*** Block opens ***
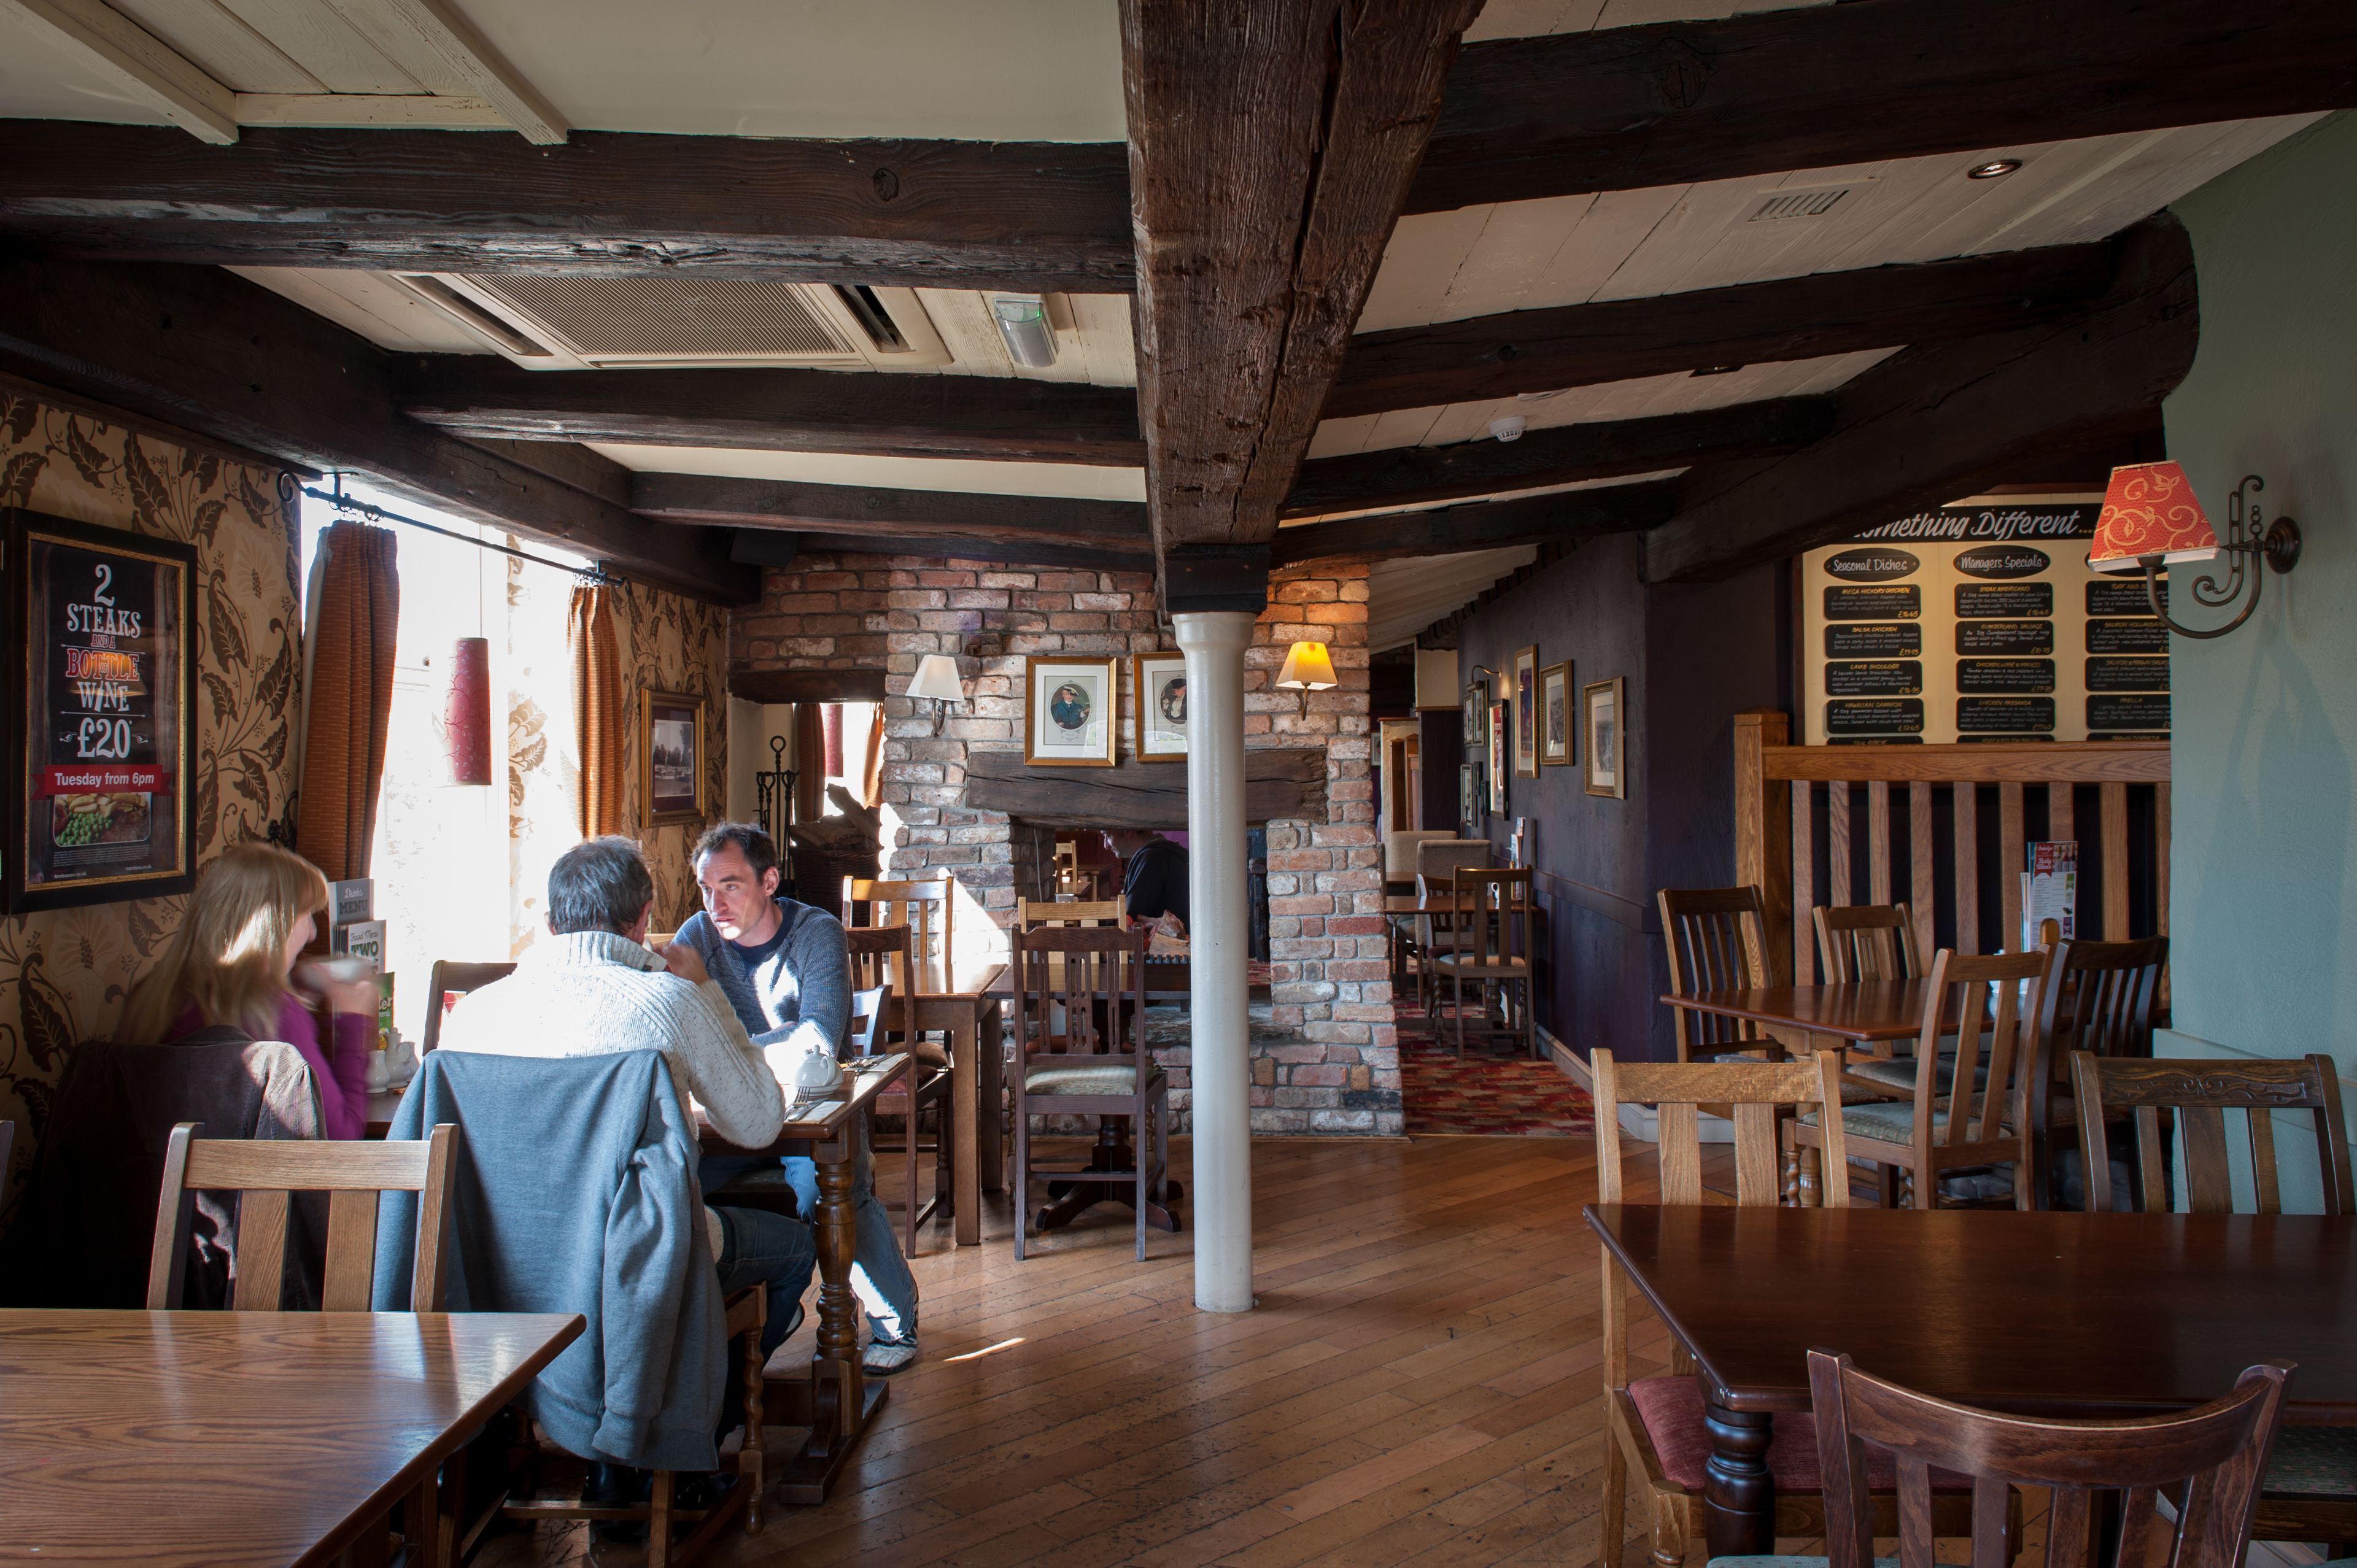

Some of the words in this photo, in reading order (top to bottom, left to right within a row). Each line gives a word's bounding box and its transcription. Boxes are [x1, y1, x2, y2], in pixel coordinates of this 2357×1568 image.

[1854, 512, 1971, 540] omething
[1833, 559, 1871, 571] Seasonal
[1873, 559, 1908, 571] Dishes
[1961, 557, 2003, 571] Managers
[2005, 555, 2042, 569] Specials
[95, 564, 115, 607] 2
[67, 603, 142, 639] STEAKS
[91, 634, 109, 649] AND
[108, 636, 116, 649] A
[66, 648, 140, 681] BOTTLE
[101, 663, 107, 673] OF
[77, 680, 130, 713] WINE
[55, 772, 102, 788] Tuesday
[104, 772, 130, 786] from
[132, 772, 155, 787] 6pm
[344, 887, 363, 899] Drinks
[339, 899, 368, 915] MENU
[350, 931, 363, 942] Food
[364, 929, 379, 939] Menu
[351, 940, 379, 957] TWO
*** Block closes ***
> _Instructions for the task_: Write the material out again exactly. Skip each picture.

> _Output below_:
Some of the words in this photo, in reading order (top to bottom, left to right within a row). Each line gives a word's bounding box and its transcription. Boxes are [x1, y1, x2, y2], in pixel coordinates of this 2357×1568 image.

[1854, 512, 1971, 540] omething
[1833, 559, 1871, 571] Seasonal
[1873, 559, 1908, 571] Dishes
[1961, 557, 2003, 571] Managers
[2005, 555, 2042, 569] Specials
[95, 564, 115, 607] 2
[67, 603, 142, 639] STEAKS
[91, 634, 109, 649] AND
[108, 636, 116, 649] A
[66, 648, 140, 681] BOTTLE
[101, 663, 107, 673] OF
[77, 680, 130, 713] WINE
[55, 772, 102, 788] Tuesday
[104, 772, 130, 786] from
[132, 772, 155, 787] 6pm
[344, 887, 363, 899] Drinks
[339, 899, 368, 915] MENU
[350, 931, 363, 942] Food
[364, 929, 379, 939] Menu
[351, 940, 379, 957] TWO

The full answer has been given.